No significant differences were found between any groups in age or sex. Among all cases, the positive rate for MSU was 88.5% (23/26 cases). Hypertension was significantly more frequent in the Present group than in the Absent group (p=0.034), but no significant differences were observed for other factors related to atherosclerosis. Likewise, no relationship was identified between uremic acid values and positivity for MSU among patients in this study.
Uric acid levels tended to be higher in the Bilateral group, but this difference was not significant. Mean uric acid level was 5.7 mg/dl in the Absent group, 5.6 mg/dl in the Unilateral group, and 6.25 mg/dl in the Bilateral group. Uric acid level was significantly higher in the Bilateral group. Further, cases treated for hyperuricemia were significantly more frequent in the Present group. Both dialysis patients were in the Present group. There were no cases receiving treatment for hyperuricemia in the Absent group. No significant difference in creatinine levels was noted between the Present and Absent groups.

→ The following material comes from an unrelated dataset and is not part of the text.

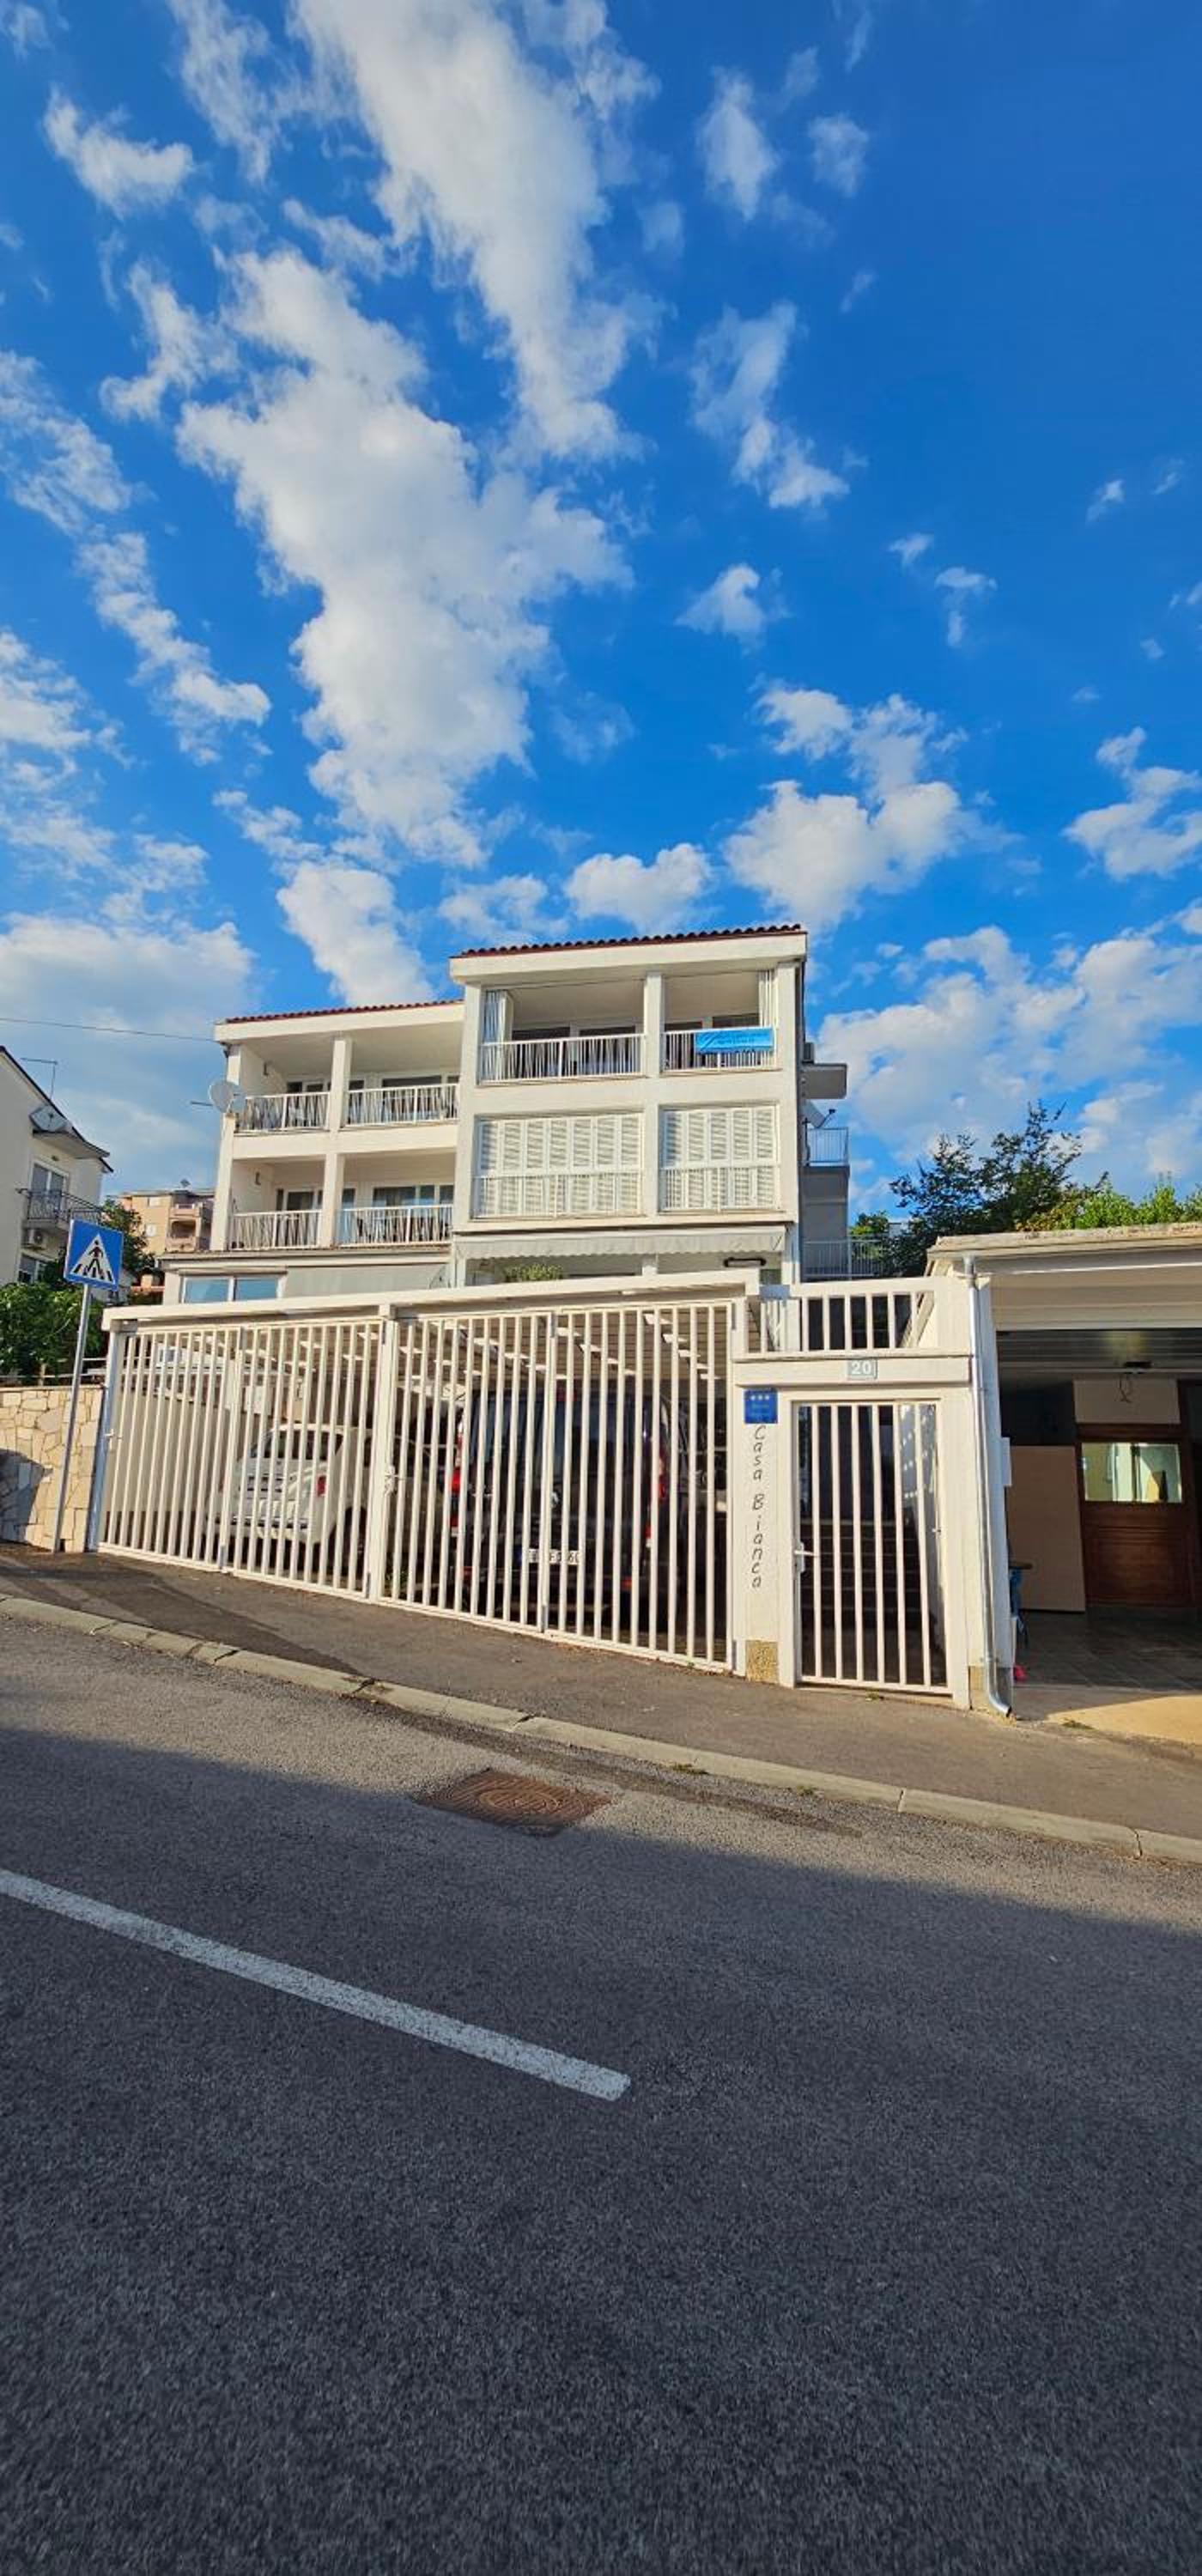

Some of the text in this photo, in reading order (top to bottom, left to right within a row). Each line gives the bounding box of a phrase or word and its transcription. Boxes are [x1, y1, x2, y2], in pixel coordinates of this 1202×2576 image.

[851, 1360, 871, 1375] 20
[752, 1425, 767, 1481] Casa
[751, 1493, 766, 1589] Bianca

As a marker of inflammation, C-reactive protein levels were higher in the Present group than the Absent group, but this difference was not significant. HbA1c and low-density lipoprotein (LDL) levels also did not differ significantly between the Present and Absent groups. No differences in heart disease or levels of brain natriuretic protein were observed between the Present and Absent groups. Clinical outcomes also did not differ significantly between the Present and Absent groups.
Discussion
Many reports have highlighted associations between carotid plaque and hyperlipidemia, emphasizing a need for strict LDL management with various medications, including statins, to control plaque formation [3,4]. However, few reports have discussed the relationship between urate and carotid plaques.
Our research indicated an association between MSU-positive cases and hypertension, but the relationship between hyperuricemia and MSU-positive cases remains unclear.
Two mechanisms of hyperuricemia are hypothesized to explain the impact of urate on blood vessels. The first involves the generation of reactive oxygen species by xanthine oxidase during uric acid production, leading to endothelial dysfunction. In addition, macrophages that phagocytose urate crystals trigger vascular inflammation through the inflammasome pathway [5,6]. The second mechanism involves endothelial damage mediated by urate transporters present in vascular endothelial cells [7,8].
Age may be a factor, as uric acid levels increase with age [9]. Further, uremic acid is presumably involved in responses to vascular damage caused by exposure to hypertension in relation to accumulation of urate. However, some MSU-positive cases do not show hyperuricemia. Held et al. reported that age and positivity for MSU were associated with major cardiovascular events, but not with hyperuricemia [10]. MSU may thus offer a biomarker of cerebrovascular disease.
DECT allows more accurate assessment of arterial calcification, particularly fine details of the plaque and degree of calcification, which is difficult with conventional single-energy CT. The analysis of components using DECT has already been clinically applied to the diagnosis of uric acid stones and cardiovascular calcification [11,12]. The present study therefore used DECT to analyze the components of carotid calcified plaques (Figure 2). CT density can vary between abdominal organs and the neck due to differences in the composition of surrounding tissues. However, because the area around carotid plaques consists of soft tissue with low radiopacity, DECT was deemed suitable for diagnosing calcified plaques in this region.
Figure 2. A representative case.
A 76-year-old man presented suddenly with left middle cerebral artery occlusion with cardiogenic embolism. The white arrow indicated a calcified plaque that was found in the left carotid artery (A). Dual-energy computed tomography (DECT) analysis of the calcified plaque showed that most of them were equivalent to urate indicated by light green (B).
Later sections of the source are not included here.